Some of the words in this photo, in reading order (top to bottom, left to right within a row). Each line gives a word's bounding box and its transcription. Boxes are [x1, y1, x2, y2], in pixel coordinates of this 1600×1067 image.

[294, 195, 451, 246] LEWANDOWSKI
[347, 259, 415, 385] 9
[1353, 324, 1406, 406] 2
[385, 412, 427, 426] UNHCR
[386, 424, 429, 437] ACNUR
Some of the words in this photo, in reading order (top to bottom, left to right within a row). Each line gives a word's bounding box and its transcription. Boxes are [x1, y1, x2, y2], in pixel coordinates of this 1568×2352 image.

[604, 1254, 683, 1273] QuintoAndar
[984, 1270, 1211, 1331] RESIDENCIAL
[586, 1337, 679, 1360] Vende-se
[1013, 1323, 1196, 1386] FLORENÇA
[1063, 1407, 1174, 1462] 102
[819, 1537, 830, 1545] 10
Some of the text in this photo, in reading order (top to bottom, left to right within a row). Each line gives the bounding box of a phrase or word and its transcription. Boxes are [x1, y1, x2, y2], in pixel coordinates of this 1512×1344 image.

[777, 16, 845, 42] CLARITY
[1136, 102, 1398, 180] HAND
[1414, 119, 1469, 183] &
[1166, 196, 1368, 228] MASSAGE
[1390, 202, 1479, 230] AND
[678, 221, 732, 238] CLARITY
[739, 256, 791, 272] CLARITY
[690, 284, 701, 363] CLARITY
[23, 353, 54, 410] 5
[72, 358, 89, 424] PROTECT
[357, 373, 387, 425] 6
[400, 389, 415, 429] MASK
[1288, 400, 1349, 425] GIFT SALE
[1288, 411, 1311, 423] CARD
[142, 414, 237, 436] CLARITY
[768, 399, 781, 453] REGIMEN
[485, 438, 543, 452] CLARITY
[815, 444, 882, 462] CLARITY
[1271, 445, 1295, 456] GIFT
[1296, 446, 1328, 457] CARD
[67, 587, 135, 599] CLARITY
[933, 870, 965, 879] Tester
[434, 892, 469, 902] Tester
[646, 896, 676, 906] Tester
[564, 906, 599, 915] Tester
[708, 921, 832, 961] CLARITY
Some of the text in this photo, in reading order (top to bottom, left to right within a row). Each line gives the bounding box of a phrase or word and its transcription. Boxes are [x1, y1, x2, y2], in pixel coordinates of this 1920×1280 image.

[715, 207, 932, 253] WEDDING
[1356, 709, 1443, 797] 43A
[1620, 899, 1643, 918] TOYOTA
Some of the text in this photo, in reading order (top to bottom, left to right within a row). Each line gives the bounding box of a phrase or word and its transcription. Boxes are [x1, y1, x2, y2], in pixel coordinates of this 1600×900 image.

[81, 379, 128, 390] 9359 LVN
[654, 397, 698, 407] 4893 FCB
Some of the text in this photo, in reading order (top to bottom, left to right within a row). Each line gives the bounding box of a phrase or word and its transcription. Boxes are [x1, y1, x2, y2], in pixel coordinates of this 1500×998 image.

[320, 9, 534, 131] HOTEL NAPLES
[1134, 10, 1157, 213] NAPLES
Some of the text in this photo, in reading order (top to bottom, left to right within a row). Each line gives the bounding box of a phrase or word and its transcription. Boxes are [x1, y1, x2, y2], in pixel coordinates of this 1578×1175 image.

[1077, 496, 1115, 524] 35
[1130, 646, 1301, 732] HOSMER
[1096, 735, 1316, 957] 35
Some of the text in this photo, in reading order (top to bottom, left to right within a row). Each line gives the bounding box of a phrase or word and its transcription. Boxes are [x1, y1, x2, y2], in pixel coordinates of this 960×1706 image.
════
◆ **Your instructions**: The response should be every record above restated exactly.

◆ **Written answer**:
Some of the words in this photo, in reading order (top to bottom, left to right within a row). Each line gives a word's bounding box and its transcription. Boxes are [x1, y1, x2, y2], in pixel coordinates of this 1600×1067 image.

[294, 195, 451, 246] LEWANDOWSKI
[347, 259, 415, 385] 9
[1353, 324, 1406, 406] 2
[385, 412, 427, 426] UNHCR
[386, 424, 429, 437] ACNUR
Some of the words in this photo, in reading order (top to bottom, left to right within a row). Each line gives a word's bounding box and its transcription. Boxes are [x1, y1, x2, y2], in pixel coordinates of this 1568×2352 image.

[604, 1254, 683, 1273] QuintoAndar
[984, 1270, 1211, 1331] RESIDENCIAL
[586, 1337, 679, 1360] Vende-se
[1013, 1323, 1196, 1386] FLORENÇA
[1063, 1407, 1174, 1462] 102
[819, 1537, 830, 1545] 10
Some of the text in this photo, in reading order (top to bottom, left to right within a row). Each line gives the bounding box of a phrase or word and its transcription. Boxes are [x1, y1, x2, y2], in pixel coordinates of this 1512×1344 image.

[777, 16, 845, 42] CLARITY
[1136, 102, 1398, 180] HAND
[1414, 119, 1469, 183] &
[1166, 196, 1368, 228] MASSAGE
[1390, 202, 1479, 230] AND
[678, 221, 732, 238] CLARITY
[739, 256, 791, 272] CLARITY
[690, 284, 701, 363] CLARITY
[23, 353, 54, 410] 5
[72, 358, 89, 424] PROTECT
[357, 373, 387, 425] 6
[400, 389, 415, 429] MASK
[1288, 400, 1349, 425] GIFT SALE
[1288, 411, 1311, 423] CARD
[142, 414, 237, 436] CLARITY
[768, 399, 781, 453] REGIMEN
[485, 438, 543, 452] CLARITY
[815, 444, 882, 462] CLARITY
[1271, 445, 1295, 456] GIFT
[1296, 446, 1328, 457] CARD
[67, 587, 135, 599] CLARITY
[933, 870, 965, 879] Tester
[434, 892, 469, 902] Tester
[646, 896, 676, 906] Tester
[564, 906, 599, 915] Tester
[708, 921, 832, 961] CLARITY
Some of the text in this photo, in reading order (top to bottom, left to right within a row). Each line gives the bounding box of a phrase or word and its transcription. Boxes are [x1, y1, x2, y2], in pixel coordinates of this 1920×1280 image.

[715, 207, 932, 253] WEDDING
[1356, 709, 1443, 797] 43A
[1620, 899, 1643, 918] TOYOTA
Some of the text in this photo, in reading order (top to bottom, left to right within a row). Each line gives the bounding box of a phrase or word and its transcription. Boxes are [x1, y1, x2, y2], in pixel coordinates of this 1600×900 image.

[81, 379, 128, 390] 9359 LVN
[654, 397, 698, 407] 4893 FCB
Some of the text in this photo, in reading order (top to bottom, left to right within a row). Each line gives the bounding box of a phrase or word and its transcription. Boxes are [x1, y1, x2, y2], in pixel coordinates of this 1500×998 image.

[320, 9, 534, 131] HOTEL NAPLES
[1134, 10, 1157, 213] NAPLES
Some of the text in this photo, in reading order (top to bottom, left to right within a row). Each line gives the bounding box of a phrase or word and its transcription. Boxes are [x1, y1, x2, y2], in pixel coordinates of this 1578×1175 image.

[1077, 496, 1115, 524] 35
[1130, 646, 1301, 732] HOSMER
[1096, 735, 1316, 957] 35
Some of the text in this photo, in reading order (top to bottom, left to right within a row). Each line gives the bounding box of a phrase or word and its transcription. Boxes are [x1, y1, x2, y2], in pixel coordinates of this 960×1706 image.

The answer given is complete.